*** DATA SUPPLIED Section Begins ***

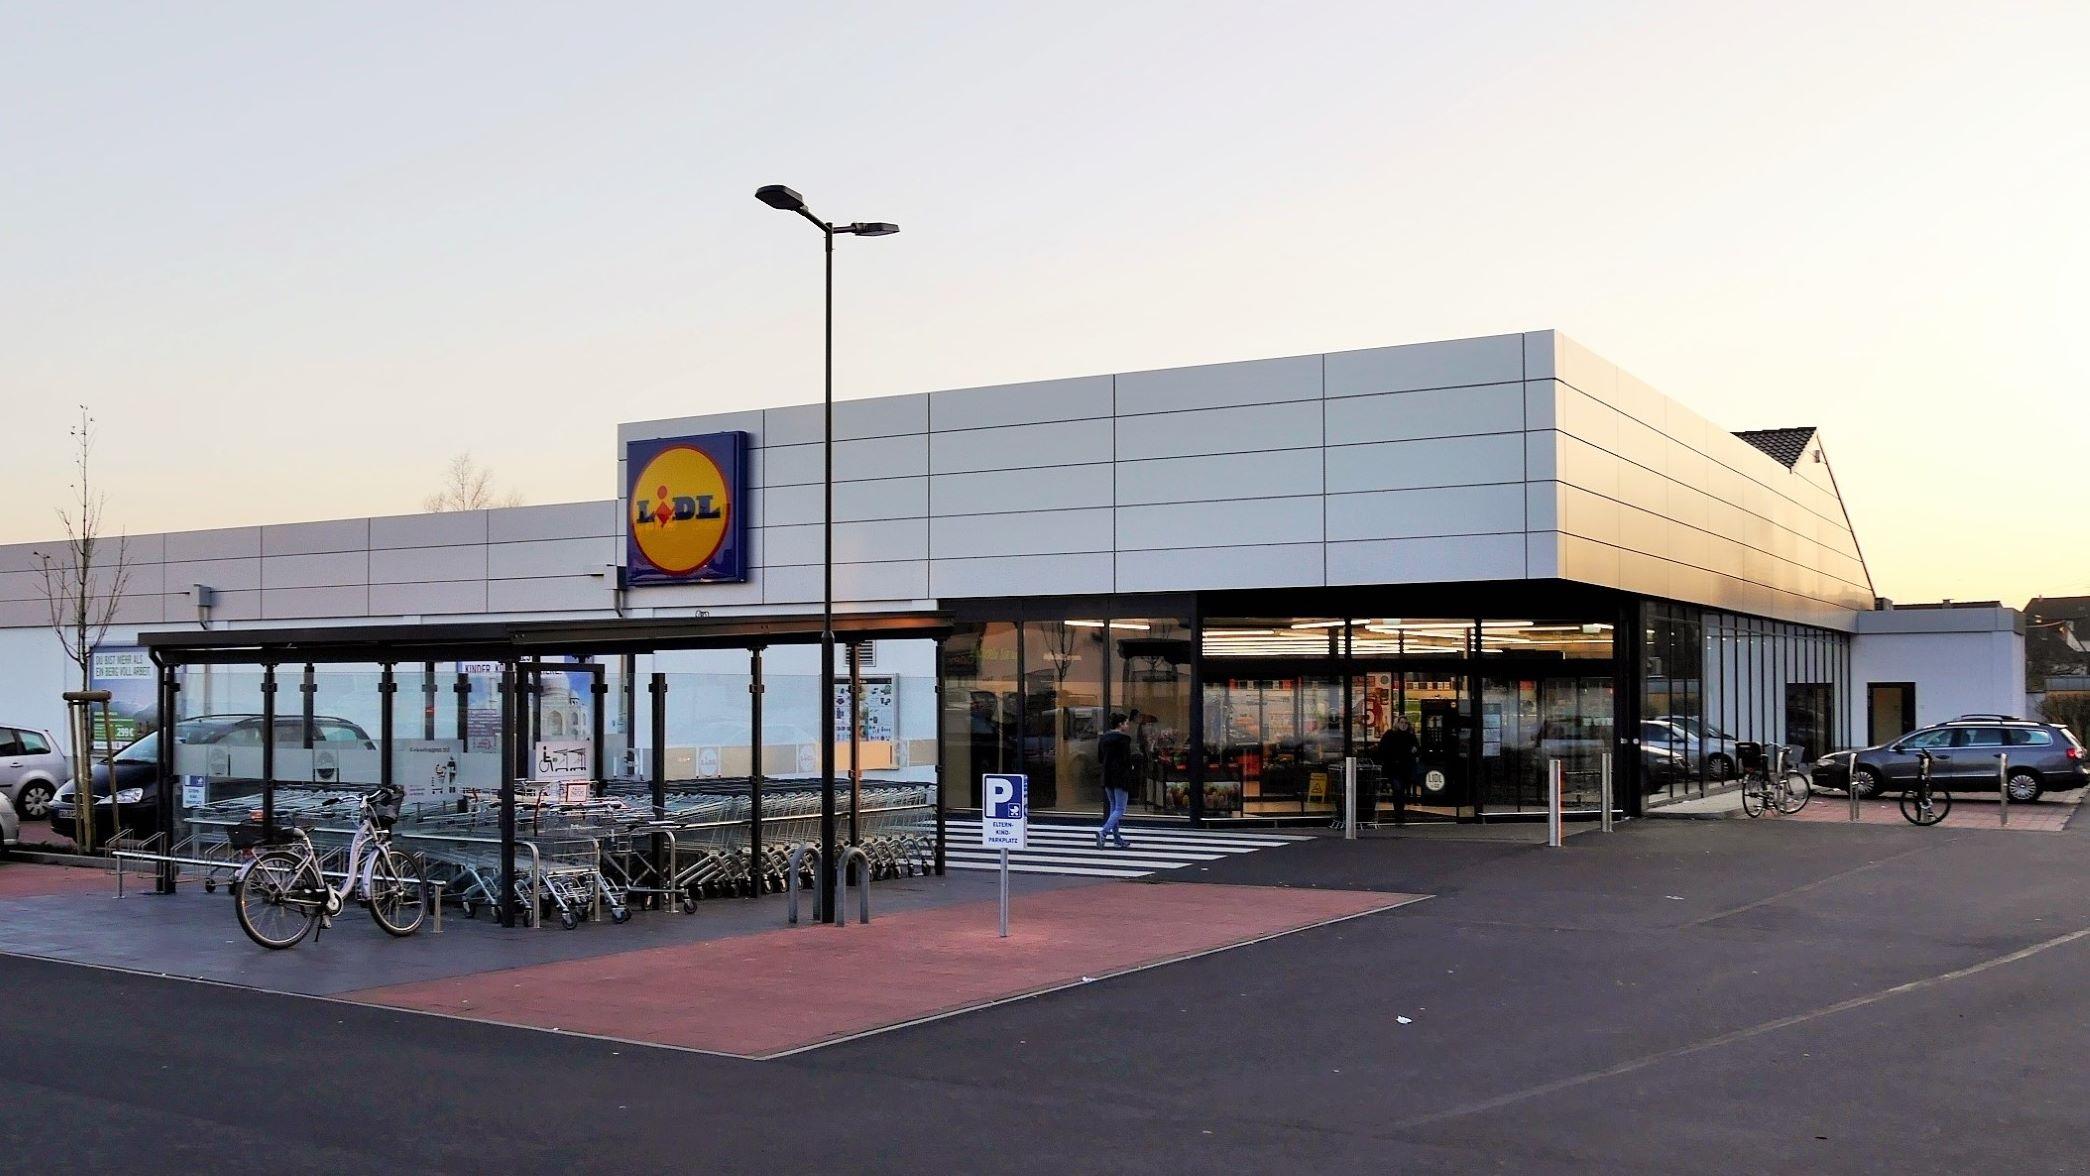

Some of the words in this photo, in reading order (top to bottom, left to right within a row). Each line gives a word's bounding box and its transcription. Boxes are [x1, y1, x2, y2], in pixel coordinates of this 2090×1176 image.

[105, 655, 116, 664] BIST
[117, 655, 132, 664] MEHR
[134, 654, 143, 664] ALS
[465, 664, 490, 672] KINDER
[986, 778, 1014, 816] P

*** DATA SUPPLIED Section Ends ***

WORK ORDER: Exactly as they stand, the entries must be written out again, pictures excluded.

SOLUTION TO THIS PROBLEM:
Some of the words in this photo, in reading order (top to bottom, left to right within a row). Each line gives a word's bounding box and its transcription. Boxes are [x1, y1, x2, y2], in pixel coordinates of this 2090×1176 image.

[105, 655, 116, 664] BIST
[117, 655, 132, 664] MEHR
[134, 654, 143, 664] ALS
[465, 664, 490, 672] KINDER
[986, 778, 1014, 816] P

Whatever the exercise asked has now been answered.